(Collected data entries)
• • • • • • •

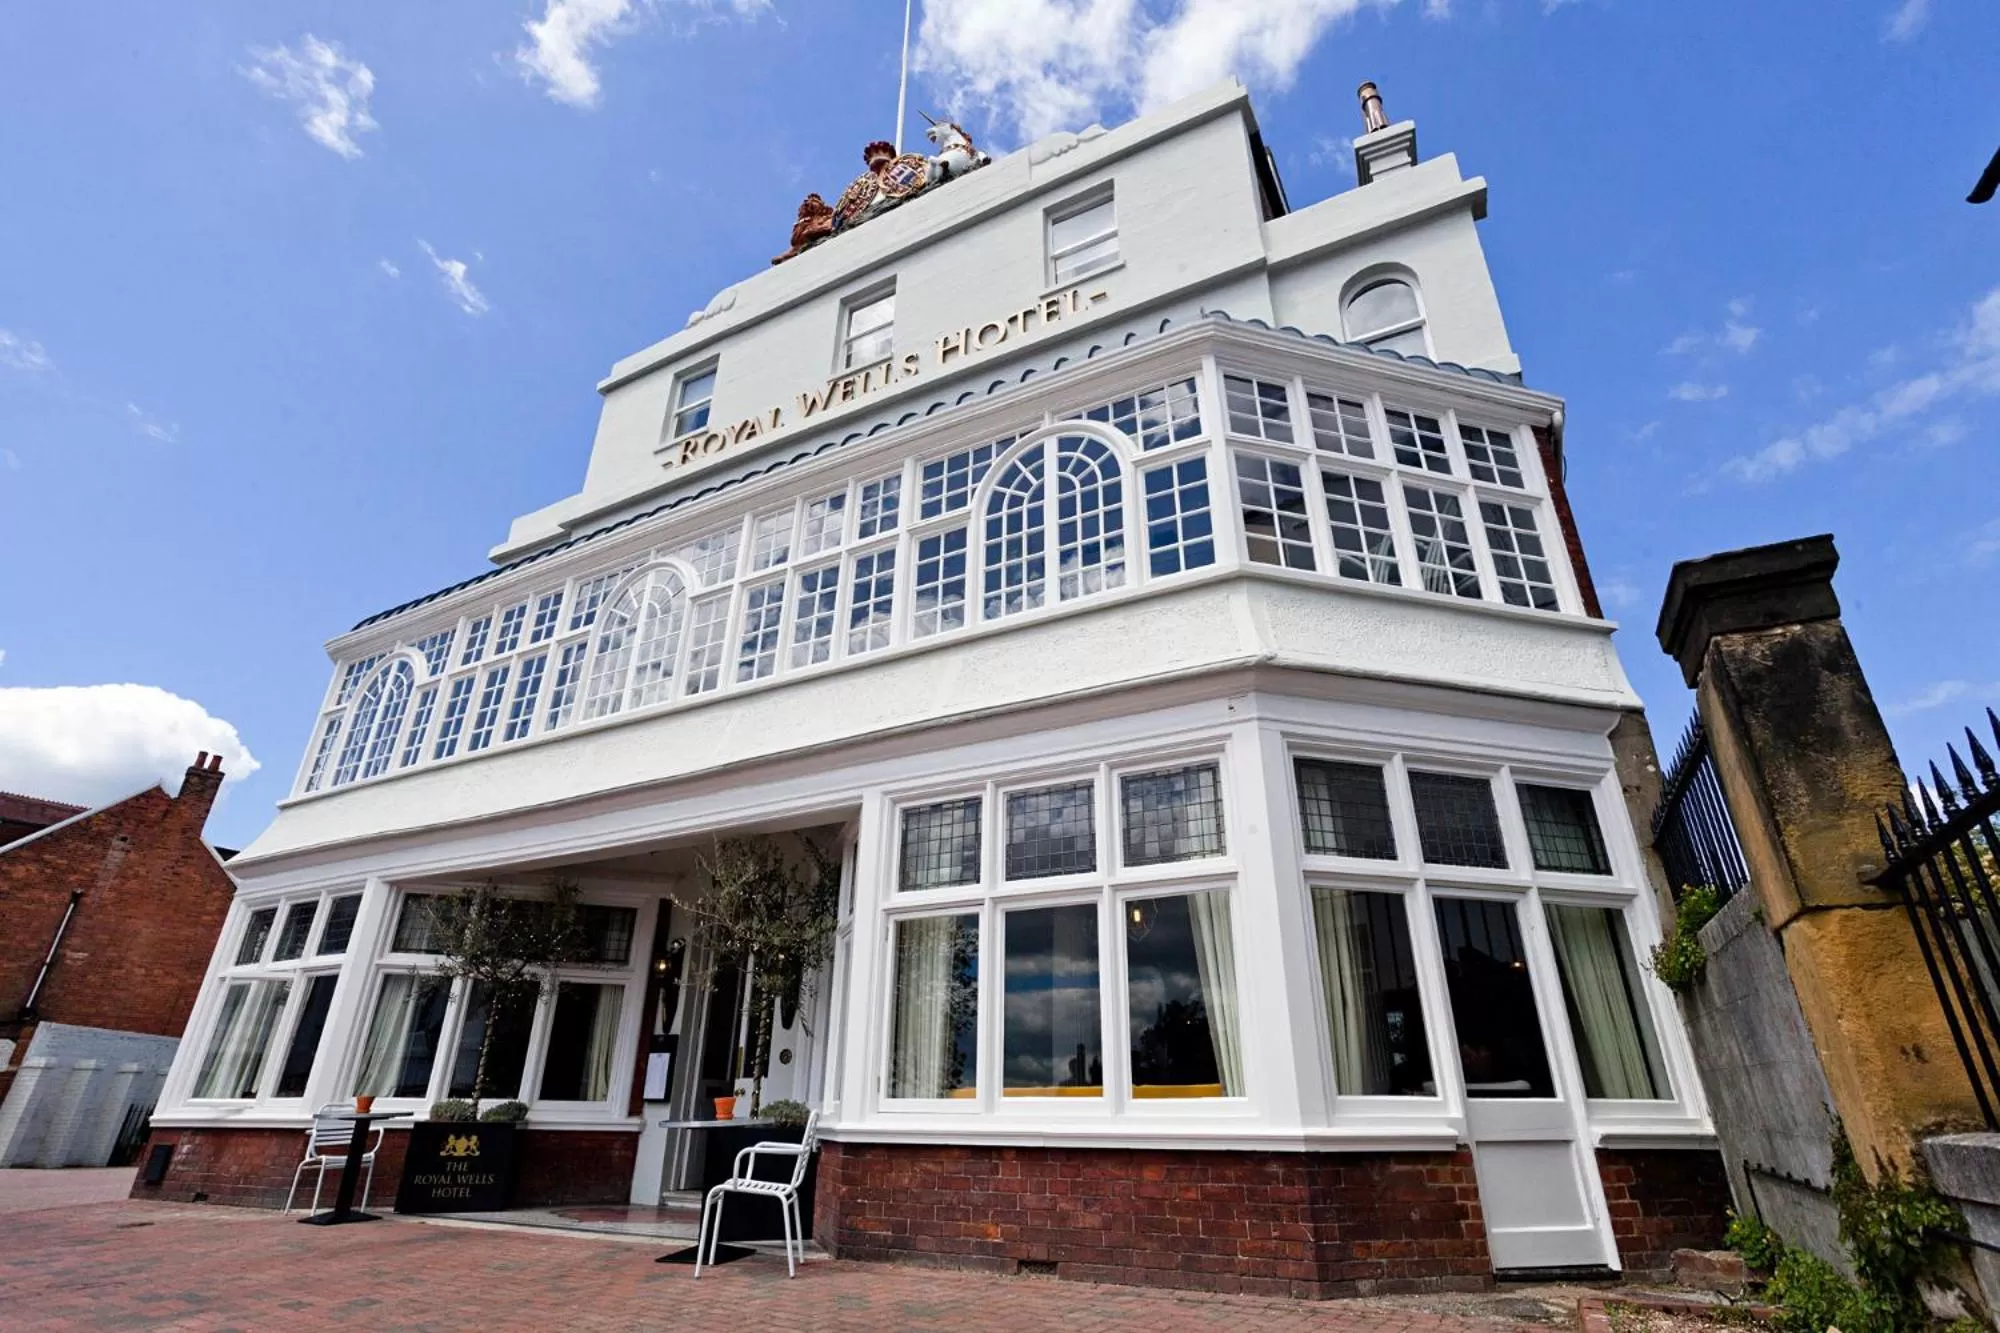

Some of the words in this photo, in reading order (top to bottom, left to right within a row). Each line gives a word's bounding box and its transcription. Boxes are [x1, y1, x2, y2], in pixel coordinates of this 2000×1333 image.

[796, 352, 920, 418] WELLS
[446, 1161, 469, 1172] THE
[414, 1173, 453, 1185] ROYAL
[457, 1173, 496, 1185] WELLS
[431, 1187, 473, 1199] HOTEL

• • • • • • •

_EXERCISE:_
Repeat the entries verbatim; no pictures.

_OUTPUT OF THE TASK:_
Some of the words in this photo, in reading order (top to bottom, left to right within a row). Each line gives a word's bounding box and its transcription. Boxes are [x1, y1, x2, y2], in pixel coordinates of this 2000×1333 image.

[796, 352, 920, 418] WELLS
[446, 1161, 469, 1172] THE
[414, 1173, 453, 1185] ROYAL
[457, 1173, 496, 1185] WELLS
[431, 1187, 473, 1199] HOTEL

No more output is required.